Show me the data!
Header

Taking inspiration from Cameron Neylon, I have written a DRAFT letter to my local MP urging him to support the recommendations in the Hargreaves Review of Intellectual Property.

[UPDATE: Letter now sent :) ]

 

Dear Don Foster,

As a graduate research student at the University of Bath, currently using textmining techniques to do scientific research in an efficient and comprehensive manner, I urge you to sign this early day motion (no. 151, tabled 11.06.2012).

Aside from my tweets to @DonFosterMP last night I have never before been moved to formally contact you, but this urgently requires your action.

Simple desktop computers can interpret vast amounts of digital information. The capacity, tools and eagerness already exist to enable scientists to do systematic reviews, knowledge syntheses, and innovative analyses on a scale never before imagined. But there is one barrier alone that stifles all this strong potential for good: current UK copyright law.
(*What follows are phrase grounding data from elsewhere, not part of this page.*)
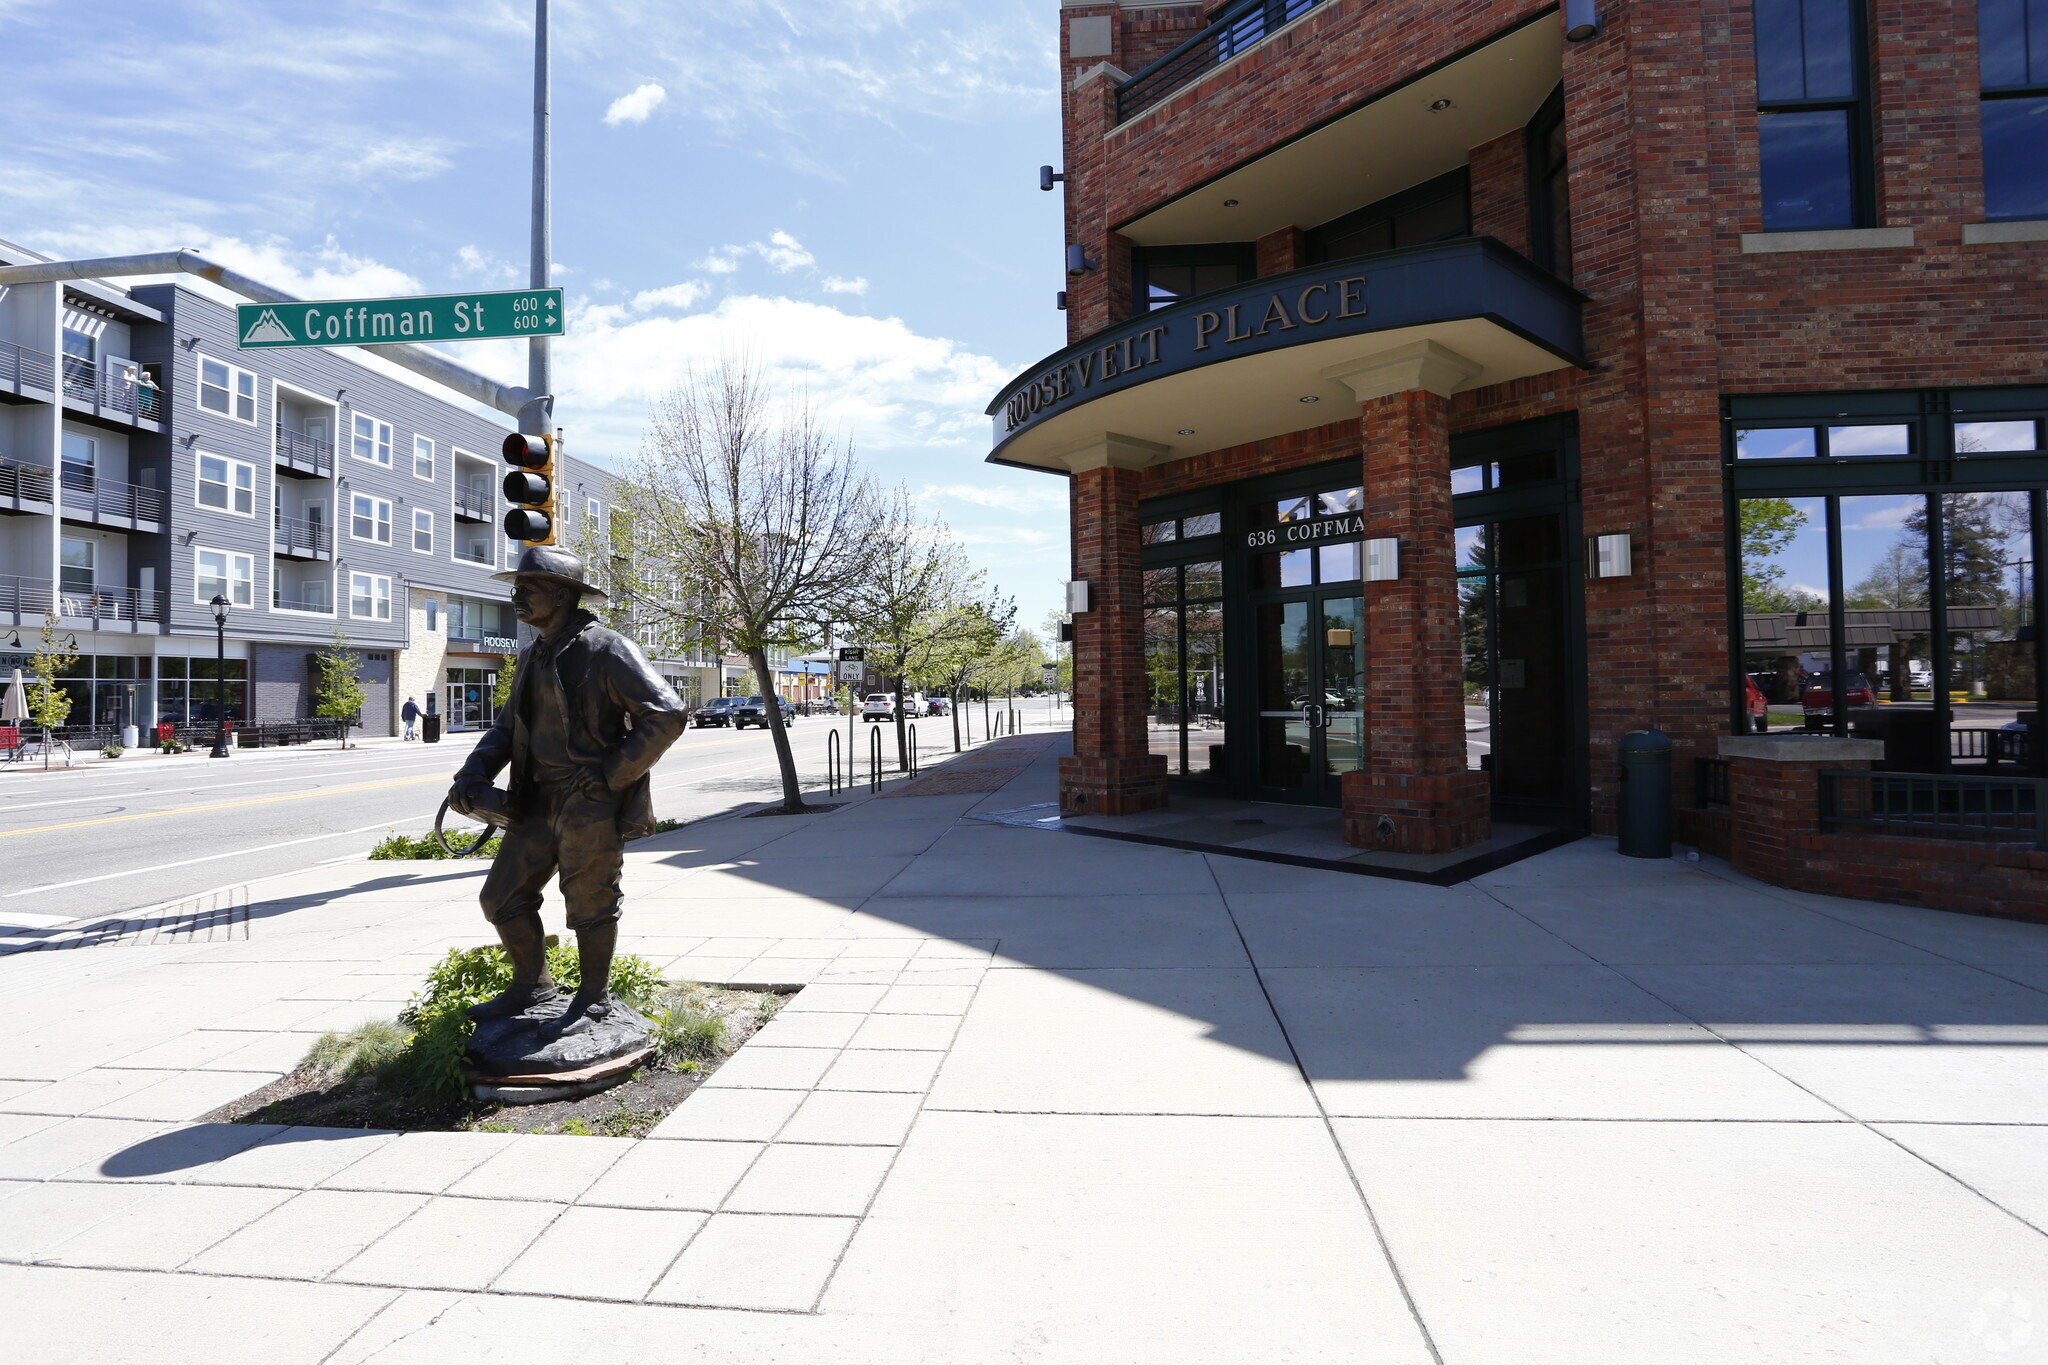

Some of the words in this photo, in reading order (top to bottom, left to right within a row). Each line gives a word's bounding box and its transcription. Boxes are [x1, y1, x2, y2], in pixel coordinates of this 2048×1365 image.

[513, 297, 538, 312] 600
[305, 307, 433, 340] Coffman
[454, 301, 485, 333] St
[513, 315, 539, 329] 600
[1005, 324, 1167, 432] ROOSEVELT
[1192, 276, 1368, 351] PLACE
[1248, 530, 1276, 547] 636
[843, 672, 860, 680] ONLY
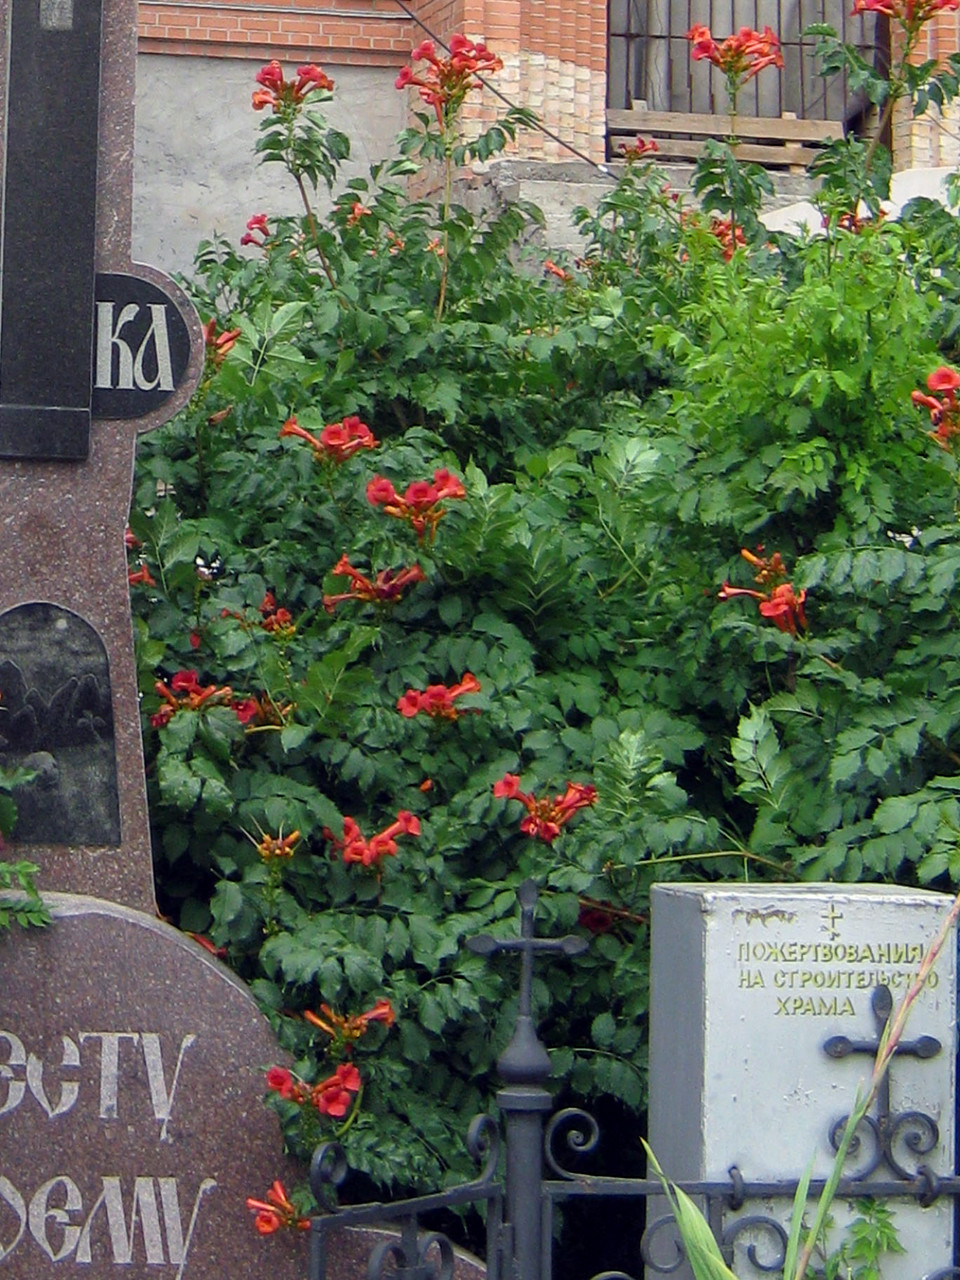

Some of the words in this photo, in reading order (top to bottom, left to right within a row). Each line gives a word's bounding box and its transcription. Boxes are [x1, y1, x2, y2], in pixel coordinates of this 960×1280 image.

[737, 941, 924, 964] ПОЖЕРТВОВАНИЯ
[738, 969, 765, 989] НА
[773, 969, 940, 989] СТРОИТЕЛЬСТО
[774, 996, 856, 1016] ХРАМА
The exceptions for digital content proposed by Professor Hargreaves in his review would be a boon for research (http://www.ipo.gov.uk/ipreview-finalreport.pdf; Chapter 5). It is galling that 87% of the research contained within UK Pub Med Central cannot be legally mined for information (p47 of the report). Especially exasperating when we are allowed to manually ‘human-read’ nearly all of this content. We just are not allowed to efficiently use machines to read the literature for us.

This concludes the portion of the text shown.